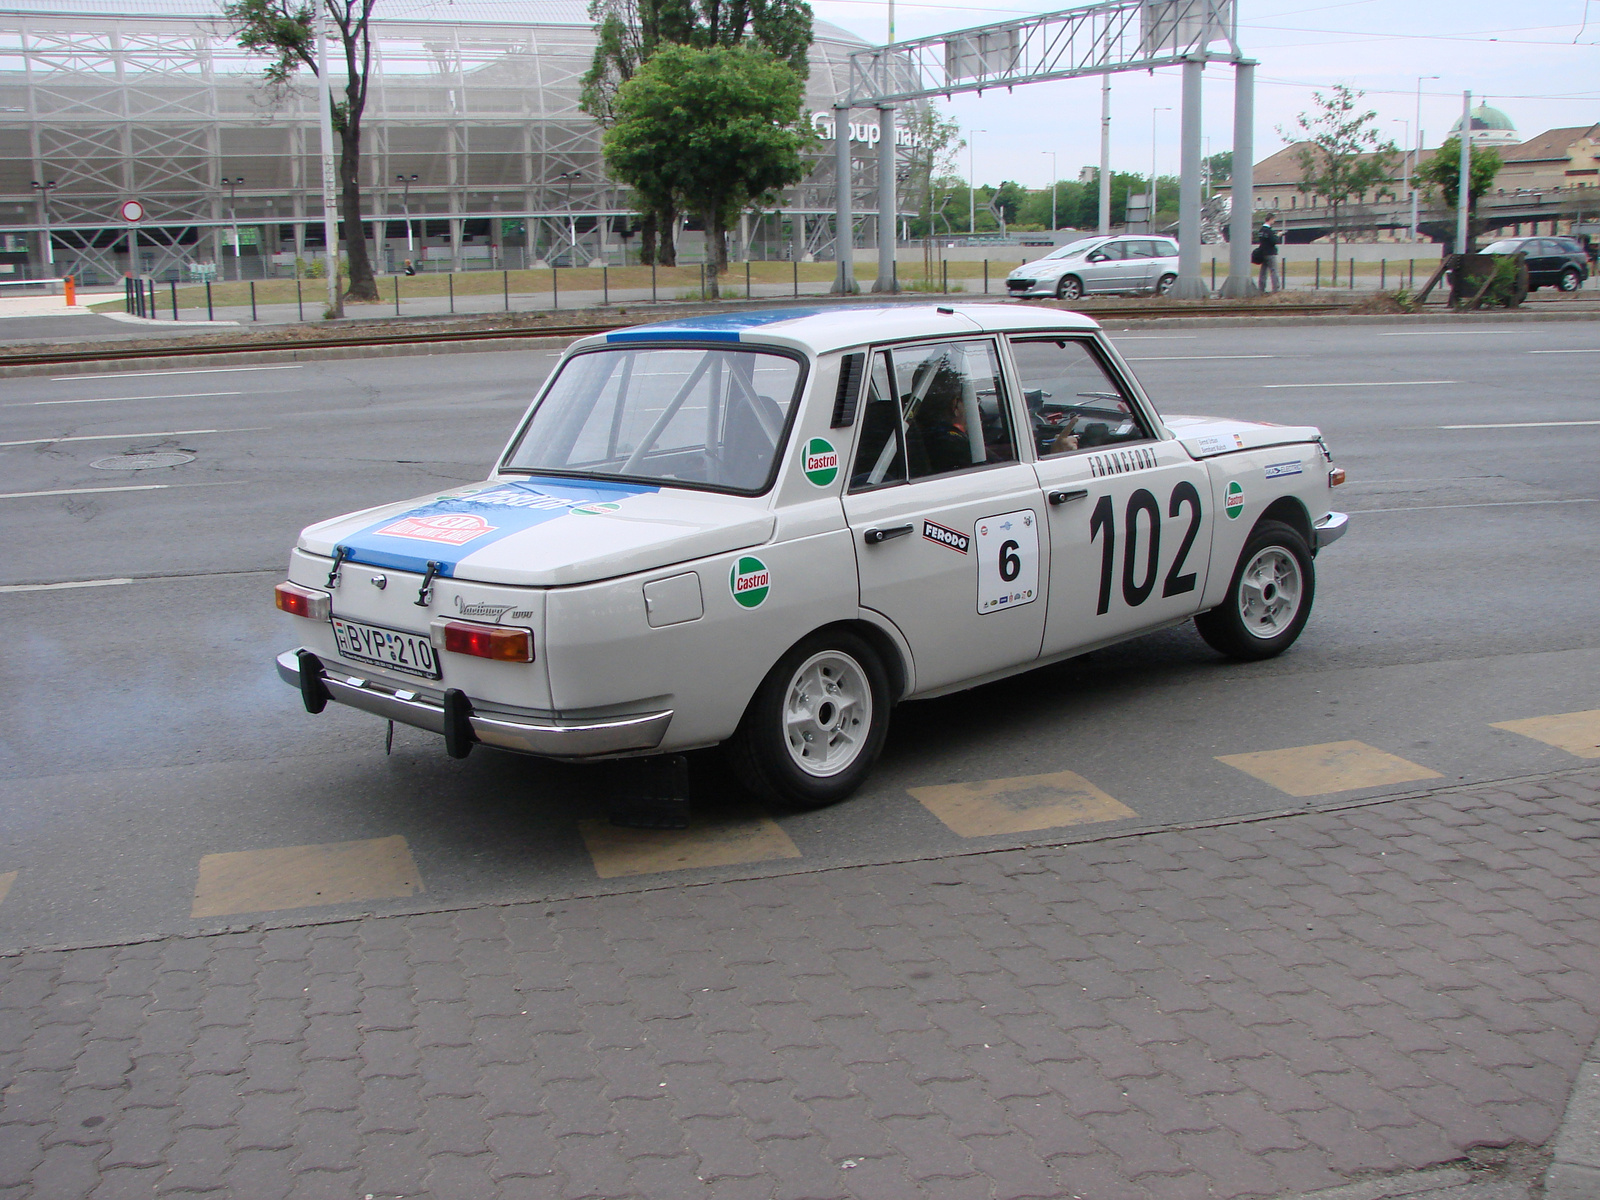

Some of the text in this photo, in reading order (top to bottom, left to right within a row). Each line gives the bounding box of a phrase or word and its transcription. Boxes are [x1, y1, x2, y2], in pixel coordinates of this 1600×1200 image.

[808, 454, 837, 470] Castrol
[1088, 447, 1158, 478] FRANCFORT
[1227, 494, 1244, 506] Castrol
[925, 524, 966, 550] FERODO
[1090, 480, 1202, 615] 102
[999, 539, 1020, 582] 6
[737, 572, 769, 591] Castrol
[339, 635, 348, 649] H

:::

What is being asked:
What you return should be the entries from above, unchanged and without their images.

Result of this exercise:
Some of the text in this photo, in reading order (top to bottom, left to right within a row). Each line gives the bounding box of a phrase or word and its transcription. Boxes are [x1, y1, x2, y2], in pixel coordinates of this 1600×1200 image.

[808, 454, 837, 470] Castrol
[1088, 447, 1158, 478] FRANCFORT
[1227, 494, 1244, 506] Castrol
[925, 524, 966, 550] FERODO
[1090, 480, 1202, 615] 102
[999, 539, 1020, 582] 6
[737, 572, 769, 591] Castrol
[339, 635, 348, 649] H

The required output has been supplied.